How to Toggle Smart Quotes On and Off

Autocorrect options in word

Decide which type of quotation marks you want in your document before you begin. Toggle smart quotes on or off to control the appearance of all quotations marks that are entered into the document after the change is made.

Click File > Options to open the Word Options tool, then click AutoCorrect Options from the Proofing tab. Older versions of Word use the Tools > Autocorrect menu command, instead. Either way, you'll open the AutoCorrect dialog box.

In this box, from the AutoFormat As You Type tab, toggle Straight quotes with smart quotes to set or un-set this option. This setting doesn't affect quotation marks that have already been entered in the document.

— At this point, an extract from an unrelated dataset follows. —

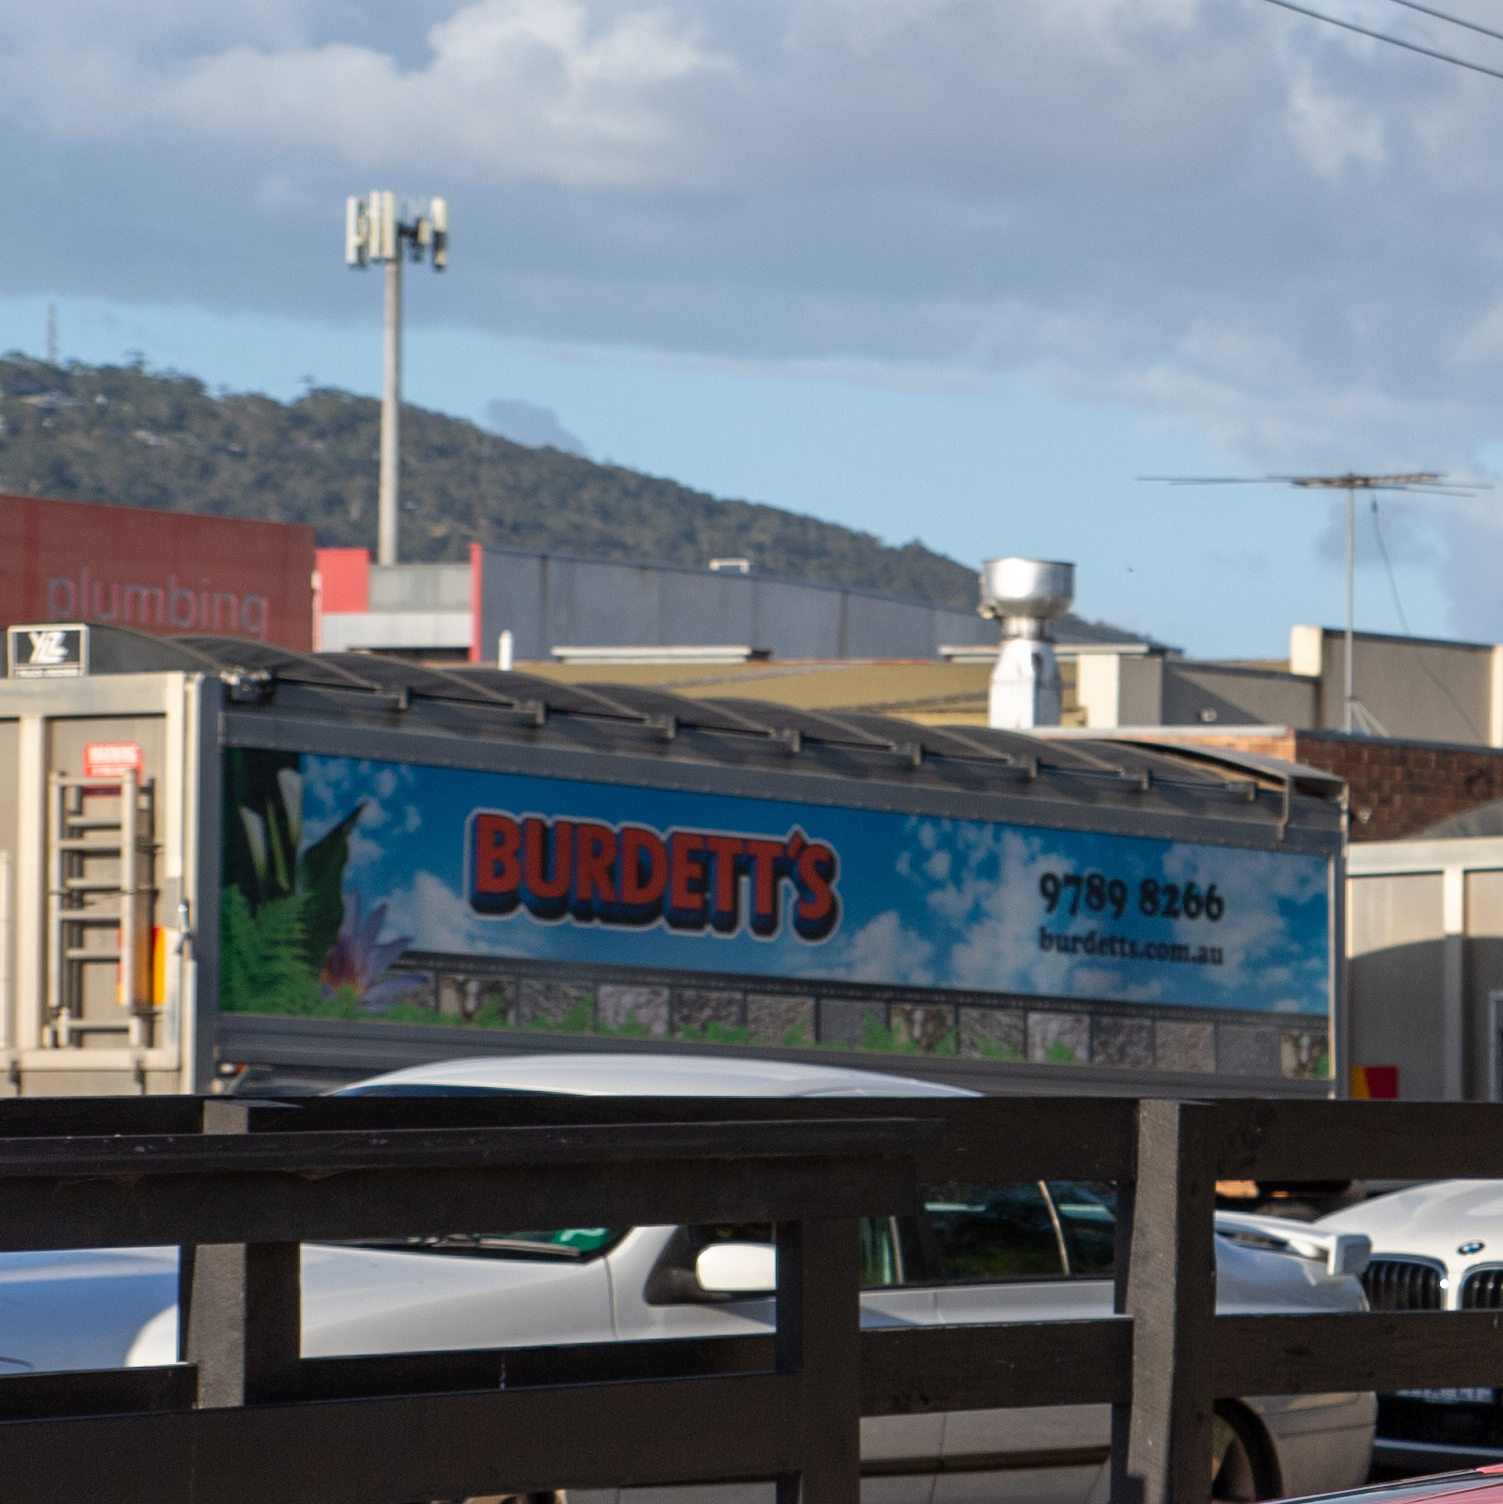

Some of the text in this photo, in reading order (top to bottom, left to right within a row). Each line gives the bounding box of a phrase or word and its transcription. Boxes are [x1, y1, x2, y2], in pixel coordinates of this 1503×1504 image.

Changing Existing Quotation Mark Style

If you've already done a considerable amount of work on your document and you want to change the quotation style in the existing portion of the document, use the Ctrl+H shortcut key to open the Find and Replace dialog box.

Enter " in both the Find what and Replace with boxes. Click Replace All to convert all quotation marks in the document to your preferred style.

This procedure won't work if you haven't set the AutoCorrect setting to correct straight to smart quotes.

This process works for both single and double quotes, although you need to do separate replace operations, selecting the appropriate options for each. Microsoft Word uses your preference on current and future documents until you make a change in the AutoCorrect section.